Il faut cependant garder en tête que cette échelle théorique des sanctions doit en permanence être adaptée par les arbitres à la réalité du match. “L’arbitre doit ajuster sa lecture du jeu et ses sanctions en fonction du rapport de forces, qui ne sera pas le même pour une finale de Championnat du monde et pour un match de troisième division, souligne Edouard Mikolajczyk. La faute n’est pas forcément différente, mais la manière de la faire, si. Parmi les critères de décision, il y a notamment la position du joueur qui commet la faute, par rapport à son adversaire. Etait-il de face, de côté, ou est-il arrivé par derrière ? Le joueur victime de la faute était-il en appui ou en suspension ? Quelle partie du corps a été touchée ? Les arbitres doivent juger de tout cela, mais aussi de l’intensité de la faute, et de sa répercussion sur la continuité du jeu.

Jet de sept mètres

Dans certaines situations de jeu, un penalty peut être sifflé pour l’équipe attaquante. “Un jet de sept mètres est sifflé lorsqu’une faute est commise sur un joueur en situation manifeste de but, pose Edouard Mikolajczyk. Typiquement, lorsqu’un attaquant se dirige vers le but en devançant un défenseur, et que ce dernier l’accroche, il y a penalty. Par ailleurs, il est interdit de poser le pied dans la surface de but. Pour un défenseur, cela peut être sanctionné d’un jet de sept mètres. Lorsqu’un attaquant empiète sur la zone, une faute est sifflée contre lui et le ballon est rendu à l’équipe adverse.

Les nouvelles règles

En plus du jeu passif et du carton bleu, évoqués plus haut, trois autres nouvelles règles ont été instaurées en 2016 par l’IHF.

L’une d’elles concerne seulement les 30 dernières secondes du match. Lorsque la balle n’est pas en jeu, les gestes d’antijeu (pousser la balle hors du terrain ou ceinturer un adversaire pour retarder l’engagement…) sont sanctionnés d’un jet de sept mètres et d’un carton rouge. Lorsque la balle est en jeu, si une faute passible d’un carton rouge est commise, elle est en plus sanctionnée d’un jet de sept mètres automatique, quel que soit l’endroit du terrain où elle a été commise.
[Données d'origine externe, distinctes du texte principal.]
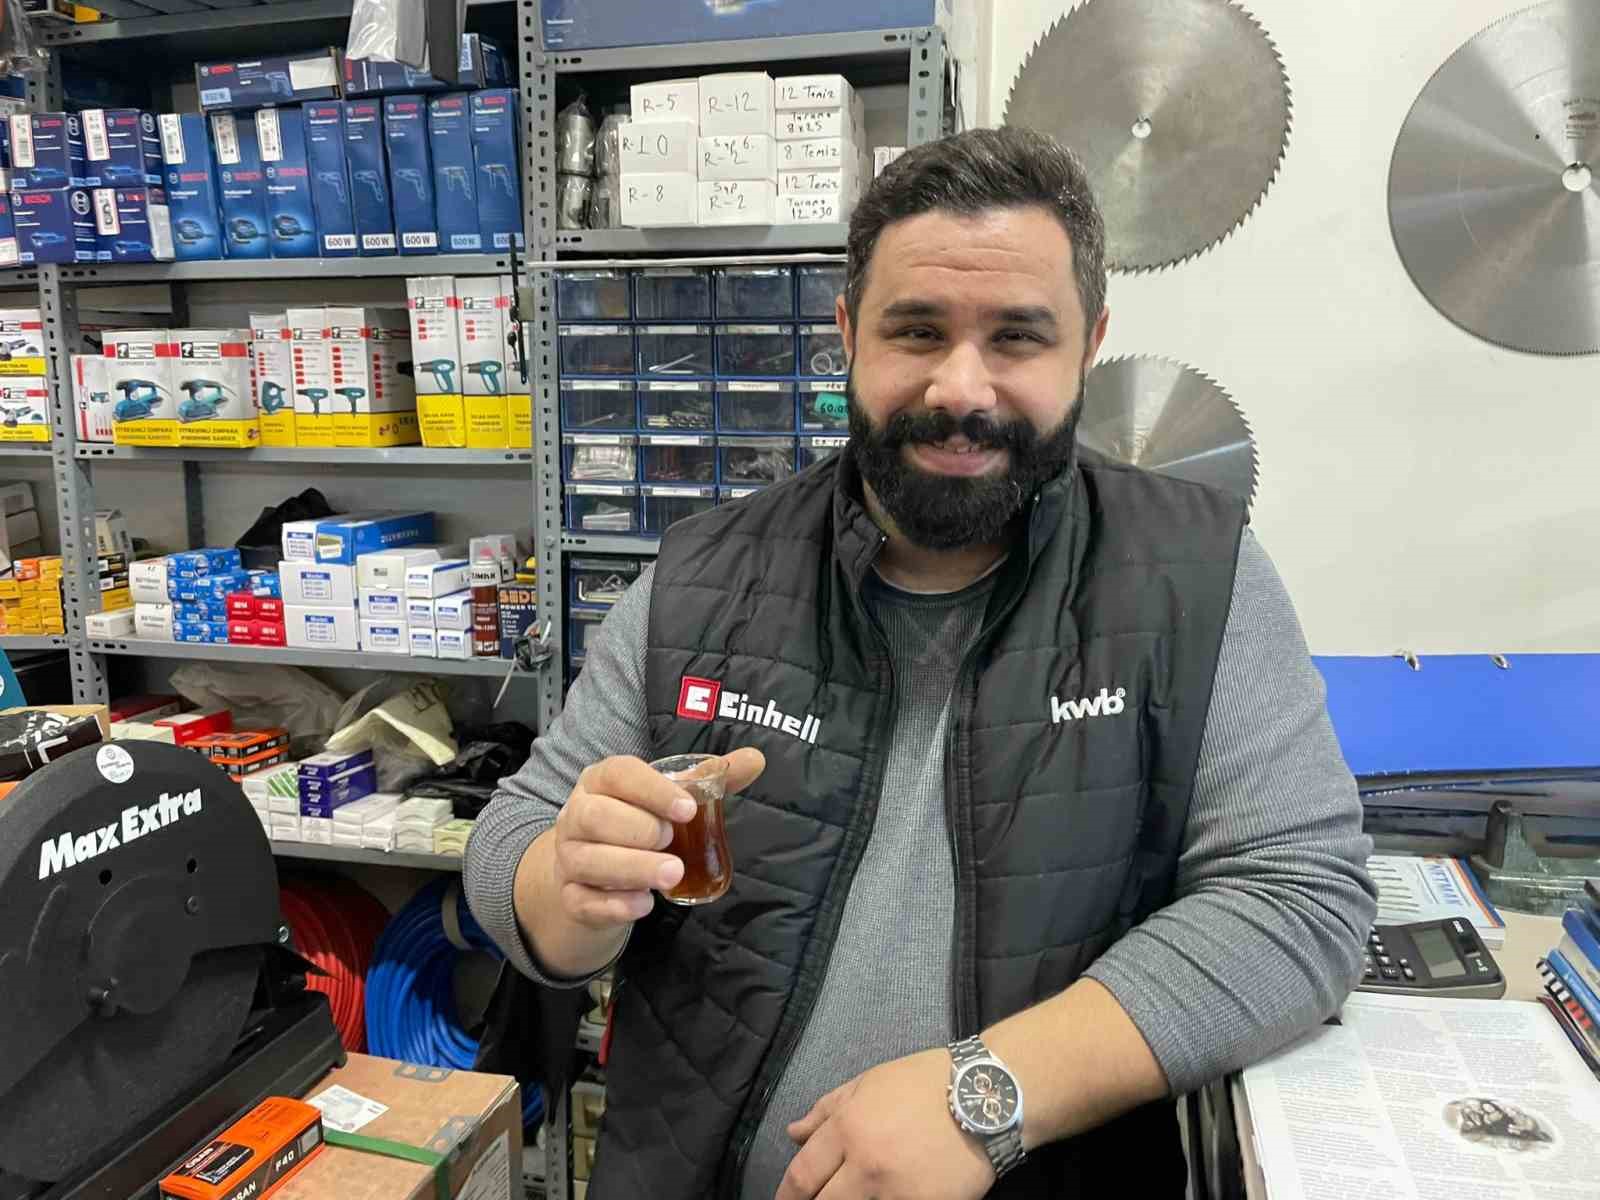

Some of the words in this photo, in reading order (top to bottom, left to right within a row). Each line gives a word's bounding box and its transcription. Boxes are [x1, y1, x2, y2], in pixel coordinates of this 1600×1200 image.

[708, 91, 759, 113] R-12
[782, 86, 800, 100] 12
[783, 144, 793, 160] 8
[785, 175, 801, 189] 12
[719, 690, 820, 744] Einhell
[38, 822, 121, 880] Max
[121, 788, 203, 844] Extra
Une autre nouvelle règle cible les blessures plus ou moins simulées. A partir du moment où l’arbitre donne l’autorisation aux soigneurs d’entrer sur le terrain, le joueur est désormais obligé de sortir et ne pourra rentrer en jeu qu’après trois attaques de son équipe. “Dans la pratique, les arbitres invitent d’abord le joueur au sol à se relever, ce qu’il fait le plus souvent, précise Edouard Mikolasczyk. Depuis l’apparition de cette nouvelle règle, les joueurs traînent beaucoup moins au sol après un contact.

Enfin, la dernière règle est une extension de celle qui s’appliquait seulement en période d’infériorité numérique et qui permet de remplacer le gardien par un joueur de champ en attaque. Il est désormais possible de le faire à tout moment, selon deux possibilités : avec chasuble, le joueur portant une chasuble pourra jouer le rôle du gardien en cas de contre-attaque ; et sans chasuble, aucun joueur de champ n’a alors le droit de pénétrer dans la surface de but, et il faut absolument procéder à un changement pour permettre au gardien de revenir en jeu.